Ricerca: la Commissione Ue apre i laboratori del Centro comune a scienziati e sperimentazioni da tutta Europa

(Bruxelles) Il Centro comune di ricerca (Jrc), servizio della Commissione europea che poggia sul lavoro di istituti di ricerca dislocati in cinque Paesi dell’Ue (Belgio, Germania, Italia, Paesi Bassi e Spagna) mette a disposizione queste strutture per i ricercatori di tutta Europa che se ne potranno avvalere per le proprie ricerche e sperimentazioni.

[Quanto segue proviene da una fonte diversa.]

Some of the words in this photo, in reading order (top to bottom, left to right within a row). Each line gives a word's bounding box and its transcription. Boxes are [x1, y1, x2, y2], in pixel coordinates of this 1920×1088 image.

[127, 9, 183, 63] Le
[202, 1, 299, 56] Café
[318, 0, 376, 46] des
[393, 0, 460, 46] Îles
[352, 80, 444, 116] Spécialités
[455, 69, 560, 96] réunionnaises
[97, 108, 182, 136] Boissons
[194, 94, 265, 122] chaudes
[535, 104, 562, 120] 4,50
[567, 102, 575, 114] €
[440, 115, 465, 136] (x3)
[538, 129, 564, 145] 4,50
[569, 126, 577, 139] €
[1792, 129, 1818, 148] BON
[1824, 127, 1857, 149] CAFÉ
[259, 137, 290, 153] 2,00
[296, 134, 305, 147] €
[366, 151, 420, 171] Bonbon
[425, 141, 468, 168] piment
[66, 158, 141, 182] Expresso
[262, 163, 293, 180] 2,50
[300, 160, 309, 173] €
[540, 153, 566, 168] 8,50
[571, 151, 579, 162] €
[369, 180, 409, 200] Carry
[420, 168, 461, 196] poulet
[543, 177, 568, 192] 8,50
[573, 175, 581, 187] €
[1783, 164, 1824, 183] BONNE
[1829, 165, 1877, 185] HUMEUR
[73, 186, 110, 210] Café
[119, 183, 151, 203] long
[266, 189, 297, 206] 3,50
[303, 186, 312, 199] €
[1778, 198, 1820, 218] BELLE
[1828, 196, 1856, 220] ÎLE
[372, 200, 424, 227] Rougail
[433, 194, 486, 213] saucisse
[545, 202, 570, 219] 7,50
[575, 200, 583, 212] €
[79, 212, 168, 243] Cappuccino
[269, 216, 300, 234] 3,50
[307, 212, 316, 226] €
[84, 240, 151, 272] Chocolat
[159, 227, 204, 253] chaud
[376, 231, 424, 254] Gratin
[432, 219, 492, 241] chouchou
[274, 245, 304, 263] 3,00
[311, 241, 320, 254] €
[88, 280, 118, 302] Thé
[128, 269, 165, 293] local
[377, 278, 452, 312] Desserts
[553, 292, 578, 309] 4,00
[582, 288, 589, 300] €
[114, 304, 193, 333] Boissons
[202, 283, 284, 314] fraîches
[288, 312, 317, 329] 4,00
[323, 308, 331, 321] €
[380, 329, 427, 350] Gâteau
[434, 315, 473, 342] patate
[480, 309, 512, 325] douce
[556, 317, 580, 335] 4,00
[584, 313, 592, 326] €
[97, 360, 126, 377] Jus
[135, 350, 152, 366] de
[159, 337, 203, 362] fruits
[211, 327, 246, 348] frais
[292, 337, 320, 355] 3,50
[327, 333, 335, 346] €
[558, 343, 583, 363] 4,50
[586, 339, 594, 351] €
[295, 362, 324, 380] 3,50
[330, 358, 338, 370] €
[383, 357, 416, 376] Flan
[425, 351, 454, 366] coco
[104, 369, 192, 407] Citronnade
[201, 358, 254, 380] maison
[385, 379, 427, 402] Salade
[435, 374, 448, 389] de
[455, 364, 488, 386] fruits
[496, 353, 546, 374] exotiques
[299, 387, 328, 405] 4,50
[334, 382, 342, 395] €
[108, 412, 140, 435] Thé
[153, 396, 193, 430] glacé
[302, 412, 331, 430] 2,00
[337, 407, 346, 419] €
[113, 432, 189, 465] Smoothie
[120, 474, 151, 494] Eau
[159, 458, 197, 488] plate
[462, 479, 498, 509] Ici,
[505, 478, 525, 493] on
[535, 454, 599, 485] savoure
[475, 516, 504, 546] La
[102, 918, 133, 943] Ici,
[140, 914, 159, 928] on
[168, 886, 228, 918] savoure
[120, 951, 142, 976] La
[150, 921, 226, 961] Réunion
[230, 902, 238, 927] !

Non è la prima volta che ciò avviene: già nel 2017 scienziati di 21 Paesi dell’Ue avevano potuto condurre esperimenti nei laboratori del Jrc, ma, spiega una nota della Commissione oggi, la nuova iniziativa si estende ora ad altre strutture per cui “sarà possibile condurre esperimenti anche su soluzioni energetiche a emissioni zero e sulla sicurezza nucleare”. L’obiettivo è “rafforzare la ricerca scientifica e la competitività, nonché la cooperazione tra ricercatori europei”. “Il Jrc utilizza strutture d’eccellenza mondiale finanziate dall’Ue per aiutarci ad affrontare le sfide più urgenti del nostro tempo, dal clima cambiamento nella sicurezza alimentare e nella sicurezza nucleare”, ha spiegato il commissario Tibor Navracsics, che ne è responsabile. “Sono molto lieto che, condividendo i nostri laboratori e le nostre strutture con brillanti scienziati di tutta Europa, facciamo ancora di più per sostenere la loro lotta per risolvere i problemi della società”, sempre il commissario. I ricercatori dei Paesi Ue e di quelli associati al programma di ricerca Orizzonte 2020 sono invitati a presentare domanda entro il 30 settembre.